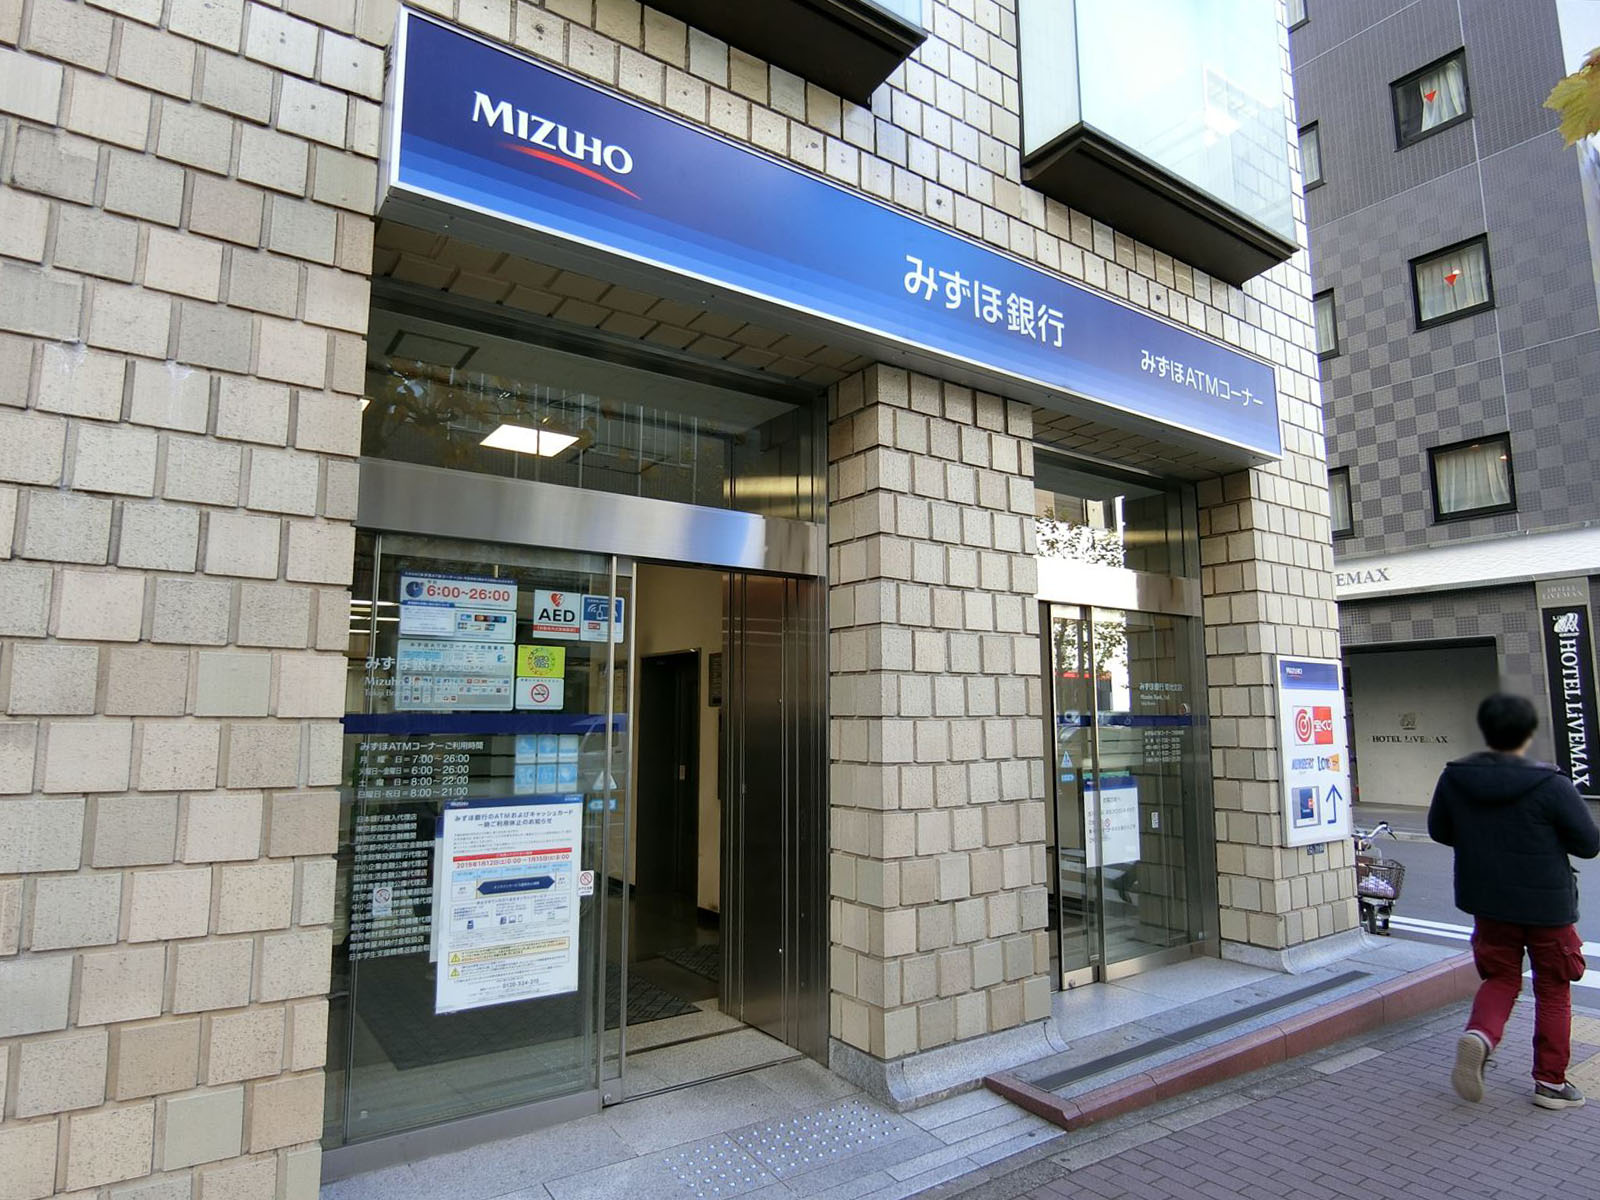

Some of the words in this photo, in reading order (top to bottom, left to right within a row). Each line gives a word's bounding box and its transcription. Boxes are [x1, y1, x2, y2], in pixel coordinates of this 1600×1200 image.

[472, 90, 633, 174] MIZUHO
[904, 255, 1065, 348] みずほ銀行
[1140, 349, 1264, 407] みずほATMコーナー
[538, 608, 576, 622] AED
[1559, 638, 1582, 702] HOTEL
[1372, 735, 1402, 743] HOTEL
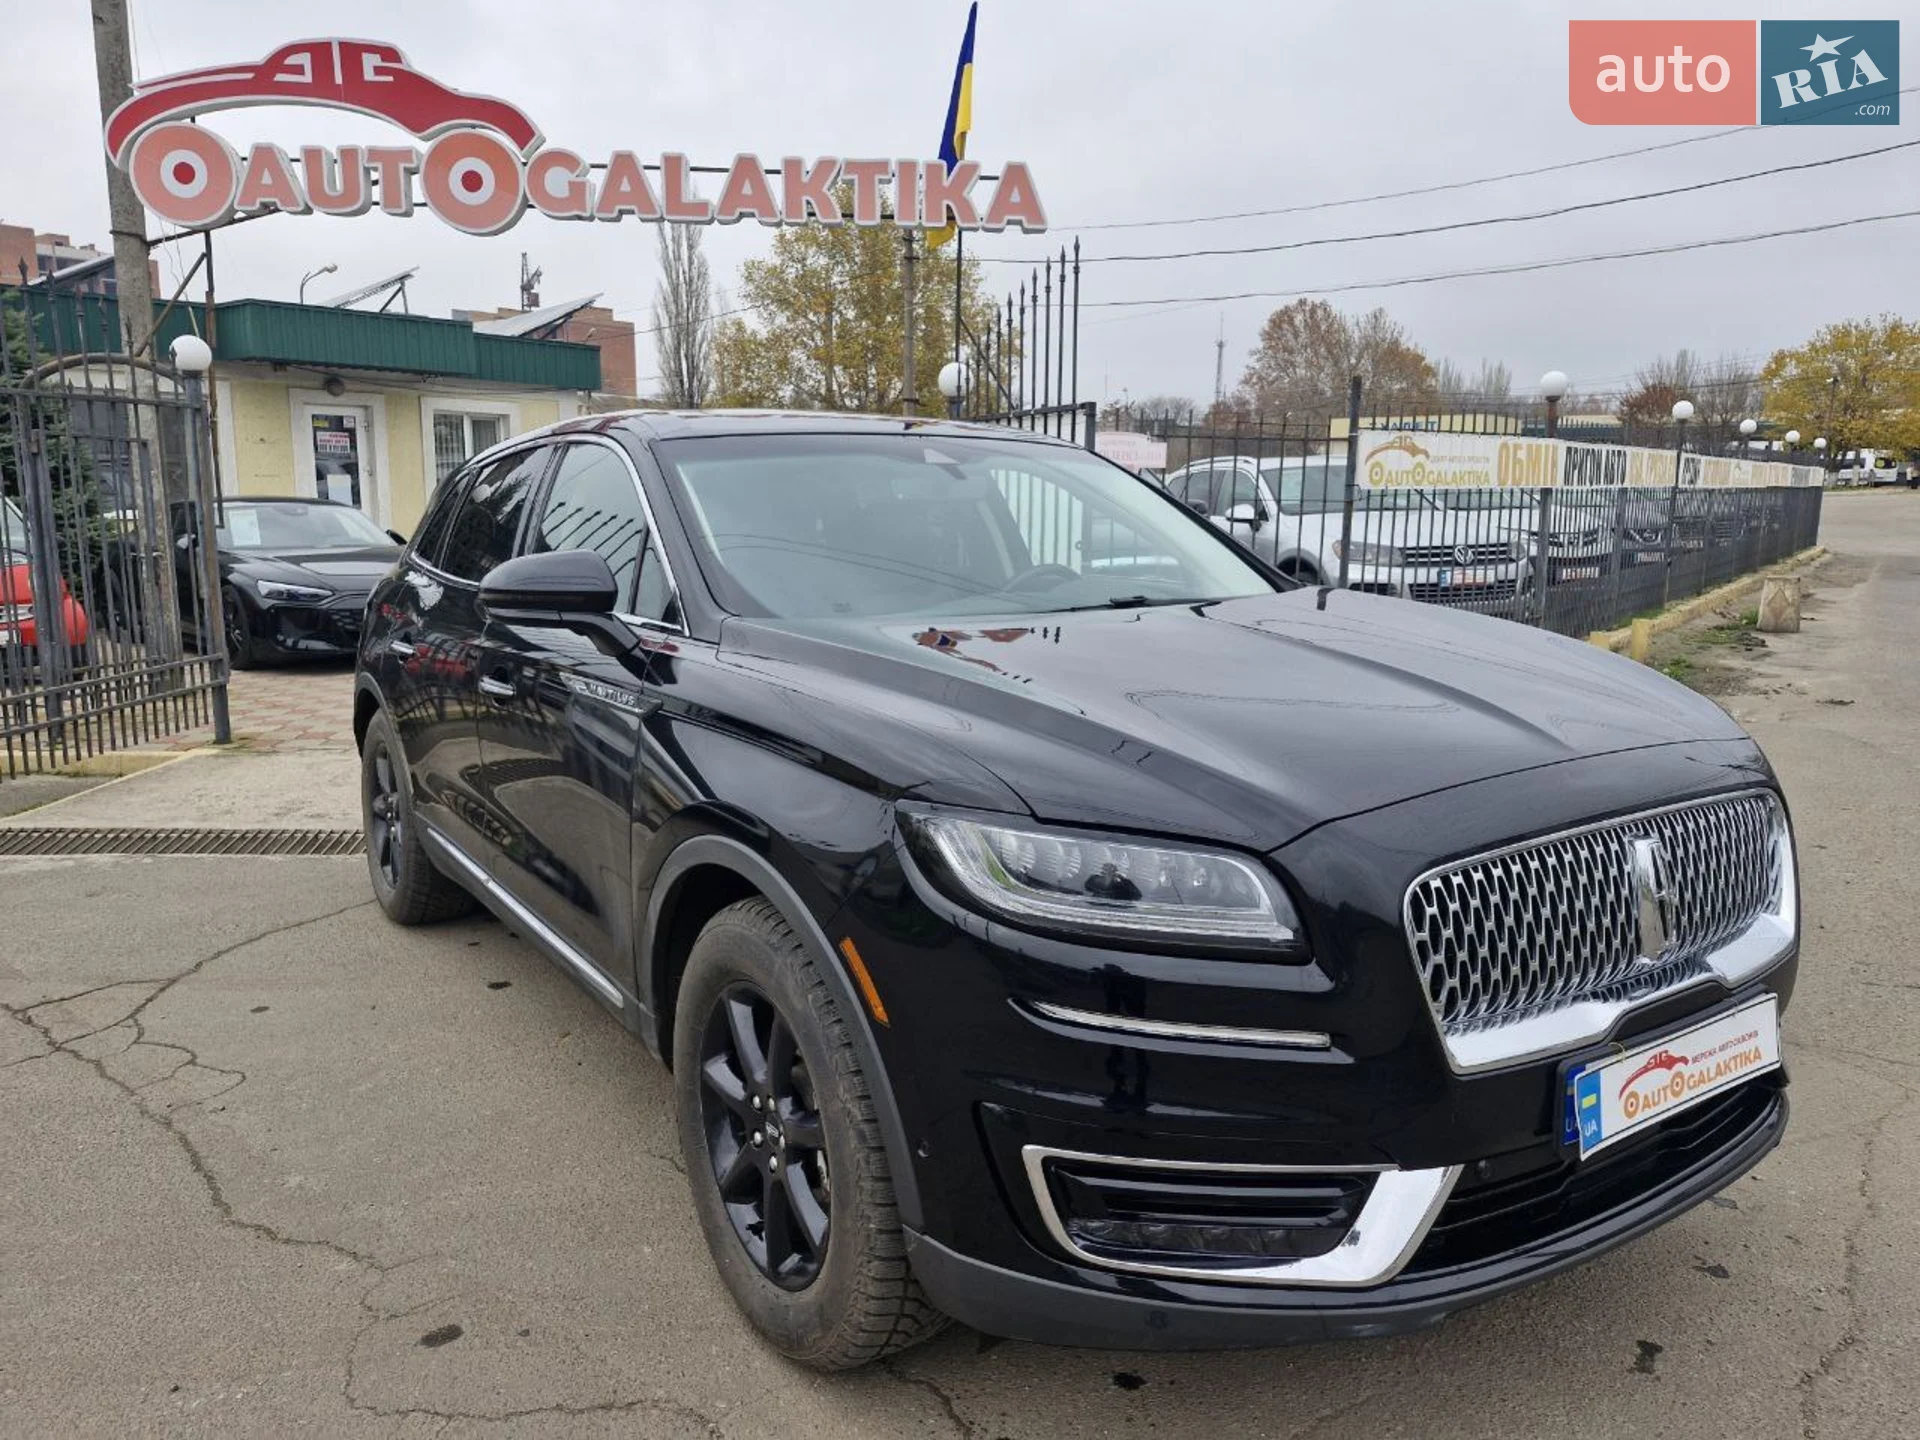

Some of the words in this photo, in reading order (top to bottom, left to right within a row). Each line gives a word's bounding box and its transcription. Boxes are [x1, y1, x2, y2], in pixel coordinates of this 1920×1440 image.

> _WORK REQUEST_
The records above should be returned exactly, with only their pictures held back.

> _TASK RESULT_
Some of the words in this photo, in reading order (top to bottom, left to right within a row). Each line gives a word's bounding box and its transcription. Boxes are [x1, y1, x2, y2], in pixel coordinates of this 1600×1200 image.

[472, 90, 633, 174] MIZUHO
[904, 255, 1065, 348] みずほ銀行
[1140, 349, 1264, 407] みずほATMコーナー
[538, 608, 576, 622] AED
[1559, 638, 1582, 702] HOTEL
[1372, 735, 1402, 743] HOTEL

Some of the words in this photo, in reading order (top to bottom, left to right within a row). Each line gives a word's bounding box and its transcription. Boxes are [x1, y1, x2, y2], in pixel coordinates of this 1920×1440 image.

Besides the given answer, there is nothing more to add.